━━━ Material provided ━━━

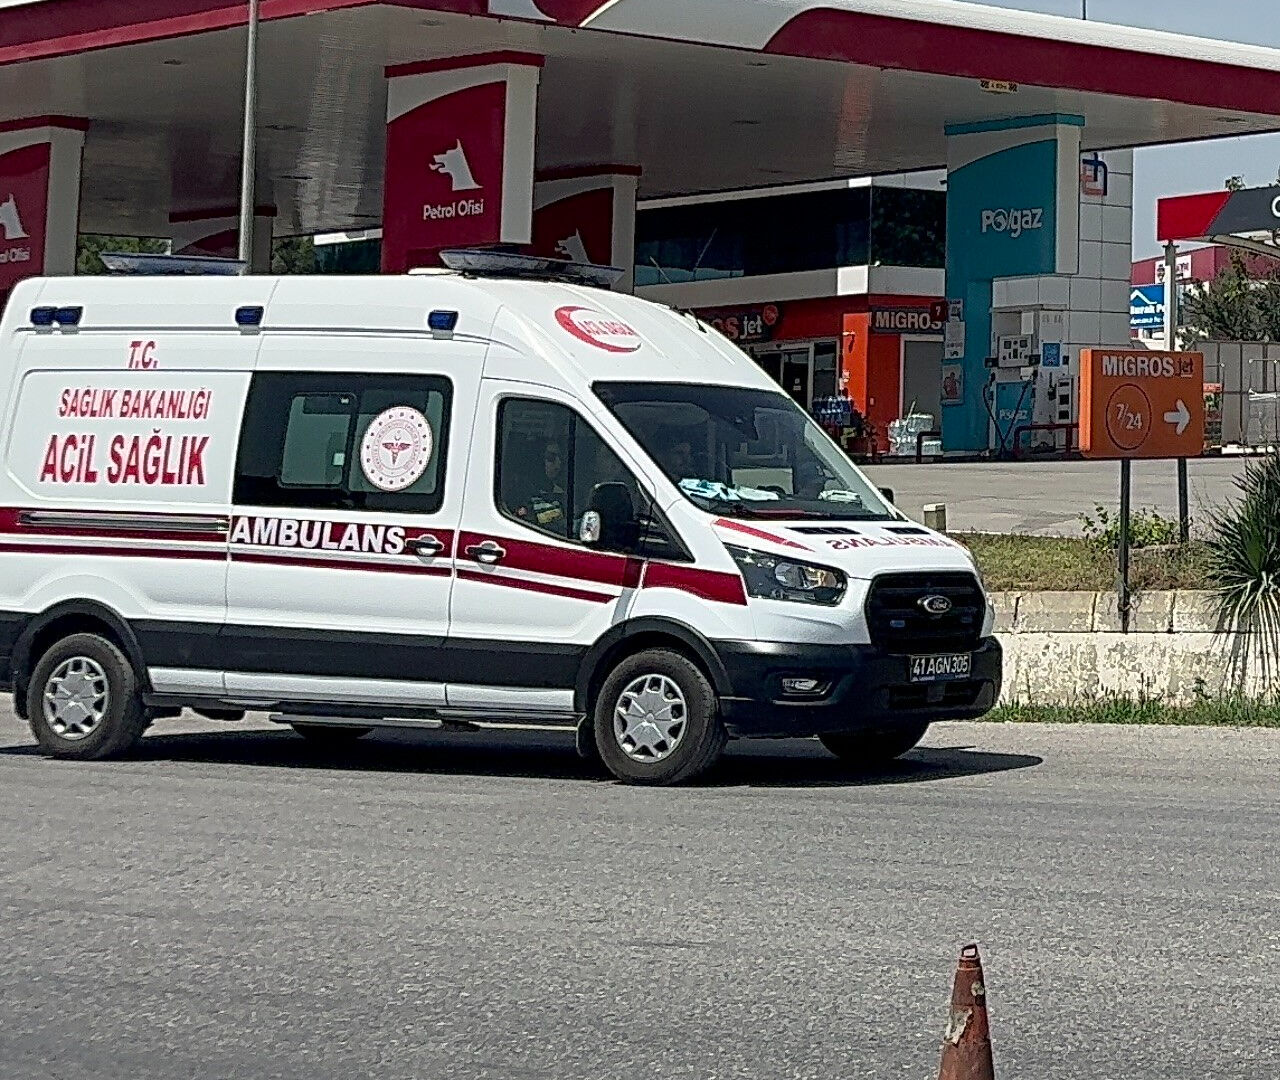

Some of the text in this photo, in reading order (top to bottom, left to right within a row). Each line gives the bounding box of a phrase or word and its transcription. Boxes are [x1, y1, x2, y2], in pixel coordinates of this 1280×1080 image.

[423, 198, 485, 220] Petrol Ofisi
[740, 315, 762, 340] jet
[128, 340, 158, 369] T.C.
[58, 386, 212, 420] SAĞLIK BAKANLIĞI
[1116, 403, 1143, 430] 7/24
[107, 428, 209, 485] SAĞLIK
[231, 516, 406, 554] AMBULANS
[913, 655, 969, 676] 41 AGN 305

━━━

Problem to solve:
When copying the entries above, keep each word as it is and exclude any image.

Problem solution:
Some of the text in this photo, in reading order (top to bottom, left to right within a row). Each line gives the bounding box of a phrase or word and its transcription. Boxes are [x1, y1, x2, y2], in pixel coordinates of this 1280×1080 image.

[423, 198, 485, 220] Petrol Ofisi
[740, 315, 762, 340] jet
[128, 340, 158, 369] T.C.
[58, 386, 212, 420] SAĞLIK BAKANLIĞI
[1116, 403, 1143, 430] 7/24
[107, 428, 209, 485] SAĞLIK
[231, 516, 406, 554] AMBULANS
[913, 655, 969, 676] 41 AGN 305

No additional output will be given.